Las plantas aromáticas son mucho más que elementos decorativos: son aliados naturales para repeler insectos molestos como mosquitos, cucarachas y moscas. Descubre cómo usar plantas repelentes de insectos para mantener tu hogar libre de plagas sin recurrir a productos químicos dañinos.

Las plantas aromáticas producen aceites esenciales cuyos aromas resultan desagradables o tóxicos para la mayoría de los insectos. Plantar estas especies en tu casa, terraza o jardín es una solución ecológica, económica y decorativa.
Además, muchas de estas plantas tienen usos culinarios y medicinales, por lo que obtienes múltiples beneficios en una sola maceta.

El eneldo es una hierba aromática con un olor penetrante que actúa como potente repelente para mosquitos.
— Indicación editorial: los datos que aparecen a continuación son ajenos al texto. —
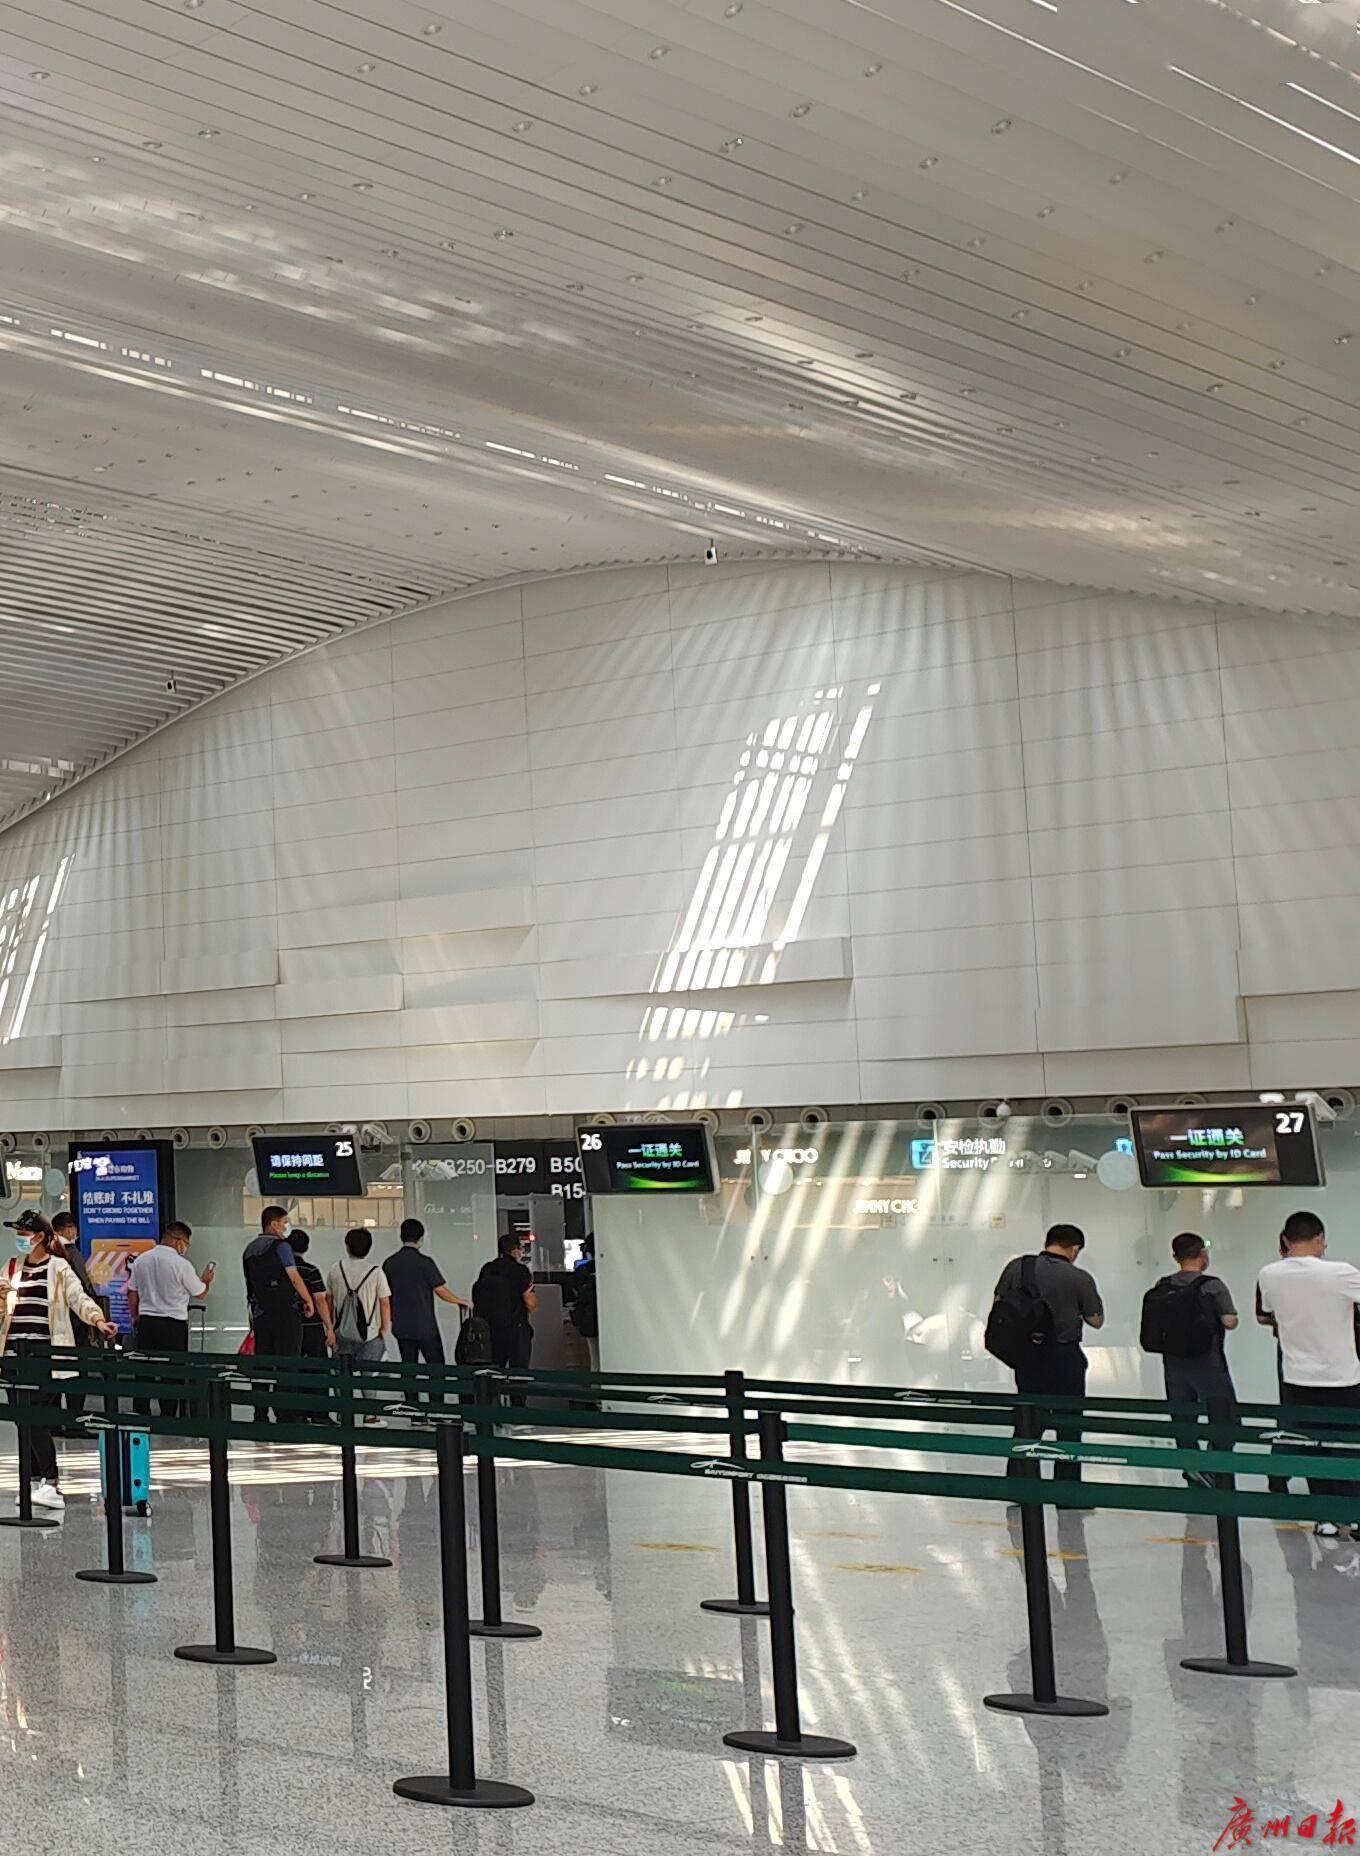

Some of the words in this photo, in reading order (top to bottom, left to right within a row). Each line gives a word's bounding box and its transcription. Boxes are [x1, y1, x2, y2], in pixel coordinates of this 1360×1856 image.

[1275, 1112, 1305, 1133] 27
[580, 1134, 602, 1150] 26
[1169, 1128, 1244, 1147] 一证通关
[335, 1142, 353, 1157] 25
[628, 1143, 683, 1157] 一证通关
[1153, 1150, 1174, 1160] Pass
[1176, 1150, 1214, 1160] Security
[1216, 1150, 1228, 1161] by
[1230, 1150, 1242, 1159] ID
[1243, 1148, 1267, 1159] Card
[270, 1154, 325, 1167] 请保持间距
[633, 1161, 661, 1170] Security
[942, 1158, 989, 1171] Security
Cultívalo en tu cocina en un mini huerto urbano o en macetas en la terraza.
El laurel y la lavanda son dos plantas altamente efectivas para eliminar cucarachas de tu hogar. Colócalas en macetas fuera de casa o en las habitaciones afectadas.
La albahaca es una hierba aromática versátil que además de ser esencial en la cocina, es el remedio definitivo contra las moscas. En verano, coloca macetas de albahaca en tu terraza para disfrutar sin molestias.
Su aroma fresco es desagradable para estos insectos y proporciona un ambiente más cómodo en las zonas de descanso.
La hierbabuena es perfecta para tener en casa porque es fácil de cuidar y se mantiene verde durante todo el año. Además de repeler hormigas, puedes usarla para infusiones y bebidas refrescantes.
El romero y la menta tienen aromas desagradables para la mayoría de insectos, desde mosquitos hasta moscas. Coloca estas plantas en diferentes zonas de tu jardín o en pequeñas macetas en la terraza para una protección completa.
Son plantas resistentes, de bajo mantenimiento y proporcionan cobertura repelente durante todo el año.